§ Data
== Segment start ==
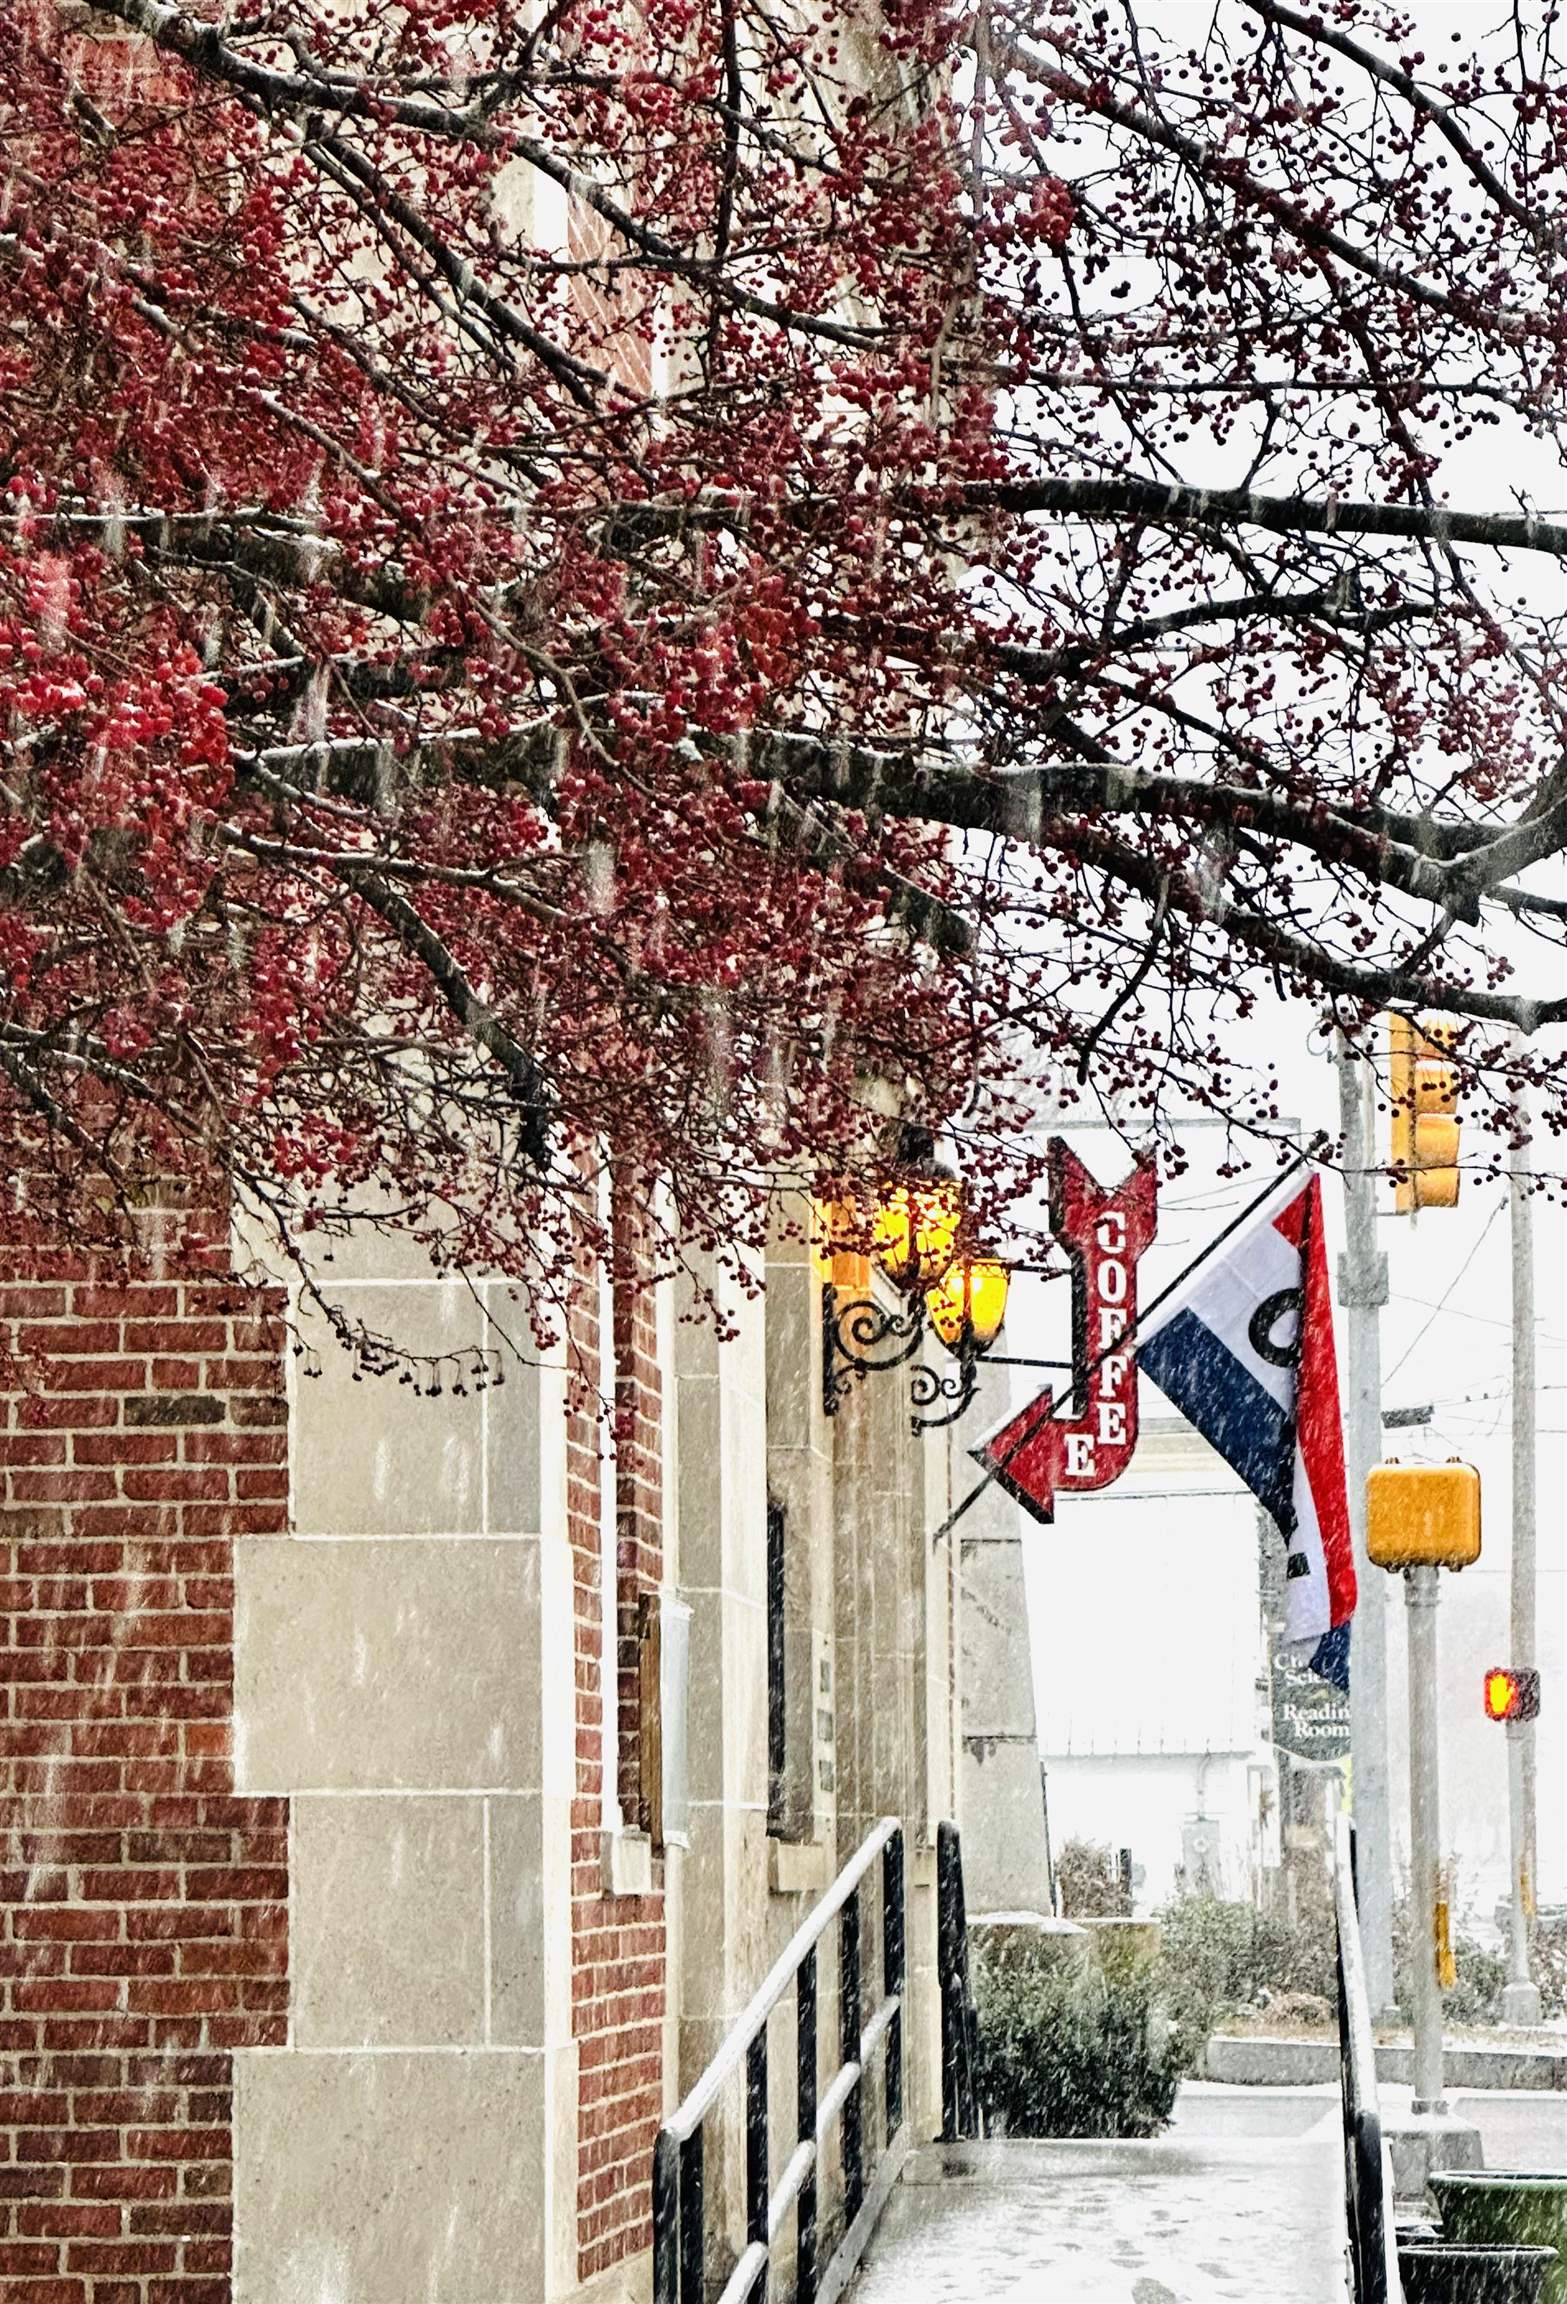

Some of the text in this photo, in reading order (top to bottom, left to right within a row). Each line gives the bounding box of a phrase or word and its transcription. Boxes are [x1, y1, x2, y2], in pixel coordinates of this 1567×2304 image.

[1064, 1210, 1128, 1477] COFFEE
[1283, 1702, 1351, 1720] Readin
[1294, 1720, 1350, 1738] Room
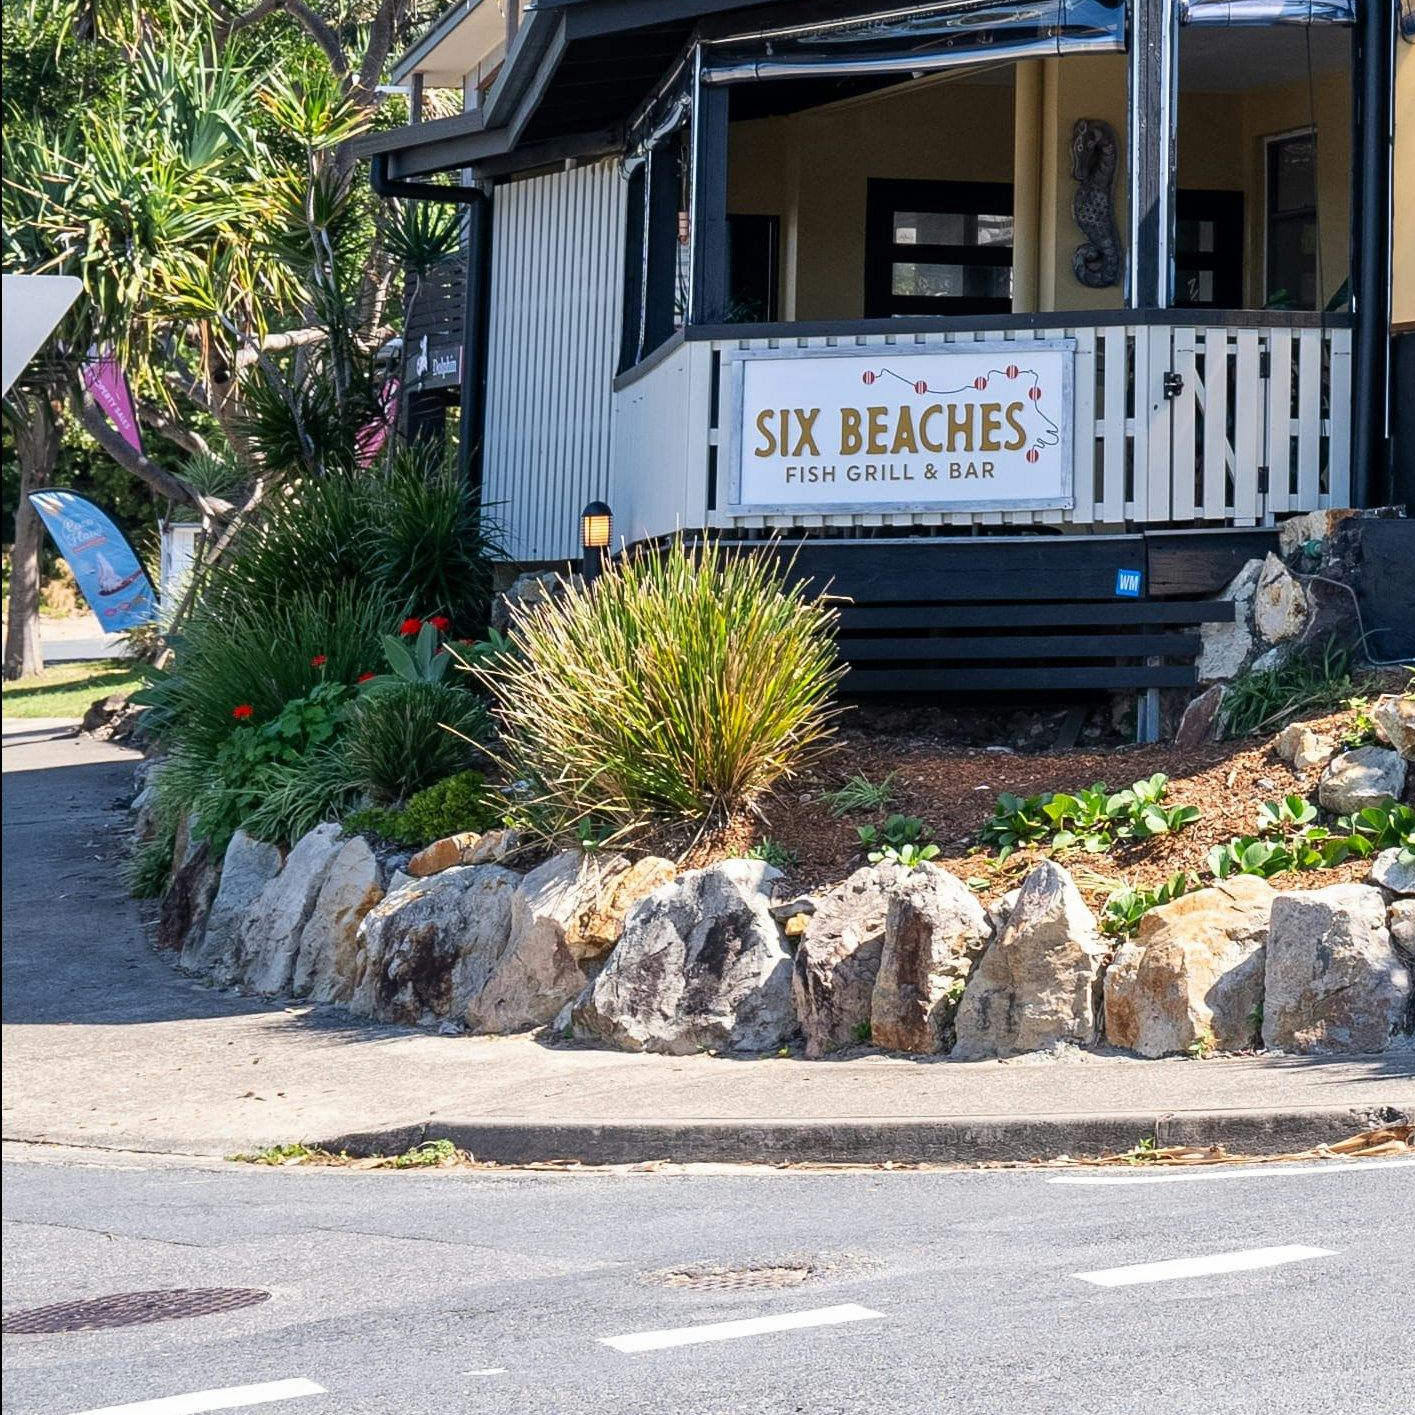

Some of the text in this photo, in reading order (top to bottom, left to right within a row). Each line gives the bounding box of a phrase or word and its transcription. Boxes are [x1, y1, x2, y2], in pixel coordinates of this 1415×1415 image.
== Segment end ==
§ What needs to be done
What is needed is the full material, retyped unchanged, with no pictures in it.

§ Response area
Some of the text in this photo, in reading order (top to bottom, left to right within a row). Each line gives the bounding box of a phrase or word and its transcription. Boxes are [x1, y1, x2, y2], in pixel coordinates of this 1567×2304 image.

[1064, 1210, 1128, 1477] COFFEE
[1283, 1702, 1351, 1720] Readin
[1294, 1720, 1350, 1738] Room

Some of the text in this photo, in reading order (top to bottom, left to right within a row). Each line gives the bounding box of a phrase or word and its transcription. Boxes are [x1, y1, x2, y2], in pixel coordinates of this 1415×1415 image.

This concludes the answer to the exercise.